Hultin removed her lungs and also took tissue from the lungs of the three other victims, even though he doubted that their decaying tissue would contain virus particles. He put the tissues in a preservative and closed the grave. To make sure the tissues reached Taubenberger, Hultin made four packages, each containing tissue from all four victims. He mailed them on subsequent days using Federal Express, United Parcel Service and the Postal Service.
Hultin said he was not worried that he might be sending tissue containing live viruses. "I tried to grow the virus under very good laboratory conditions in 1951 and it was not possible," he said. "The virus was dead. So I was not concerned."
Hultin estimated that the entire trip, including paying his helpers, had cost him $3,200.
In the meantime, Taubenberger and his colleagues had found fragments of the flu virus in another of the pathology specimens that they had ordered from the warehouse. This was from a 30-year-old man, Pvt. James Downs, who died of the flu in Camp Upton, N.Y., on Sept. 26, 1918, three days after he became ill.
Now, Taubenberger and his colleagues have virtually completed analyzing one of the virus' 10 genes, the hemagglutinin gene.
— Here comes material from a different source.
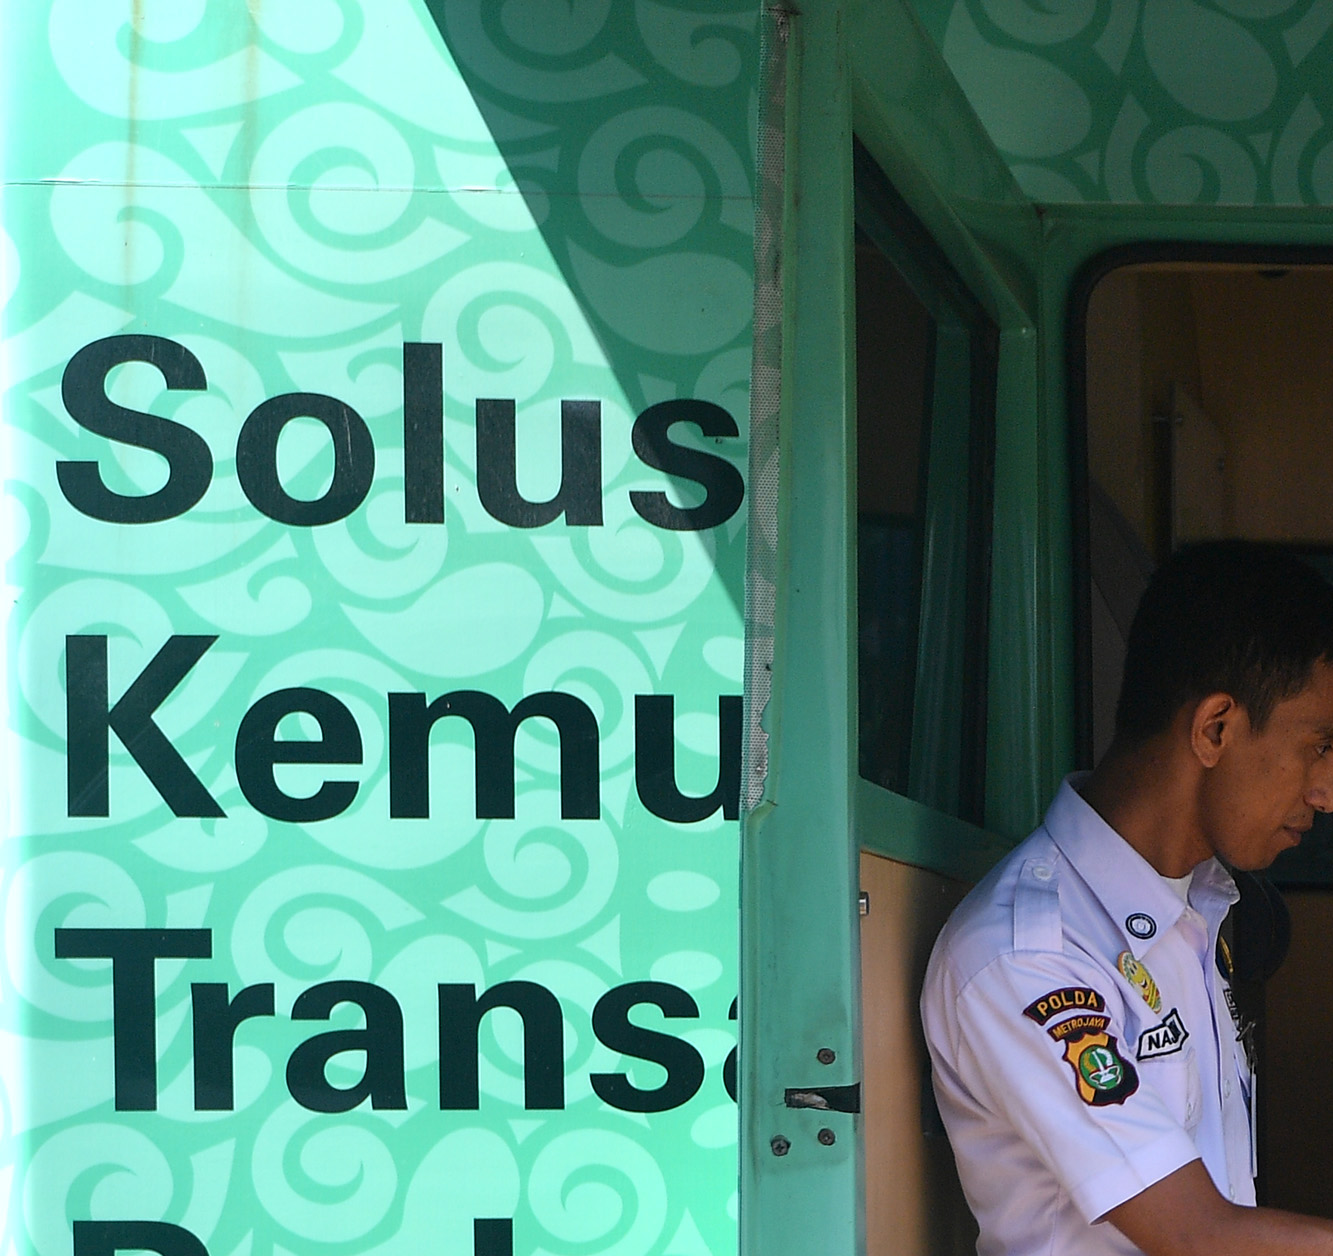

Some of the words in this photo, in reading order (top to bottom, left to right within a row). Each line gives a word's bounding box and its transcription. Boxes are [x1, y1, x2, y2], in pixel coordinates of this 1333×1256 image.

The virus uses the gene to make a protein that allows it to stick to the surface of lung cells, Tau-ben-berger said. One hypothesis, based on what happens with some flu viruses that strike birds, is that the 1918 flu became deadly because a particular area of the hemagglutinin gene, the cleavage site, was altered. But Taubenberger saw no such alteration.
"Our goal is to get the sequence of all of the genes," Taubenberger said.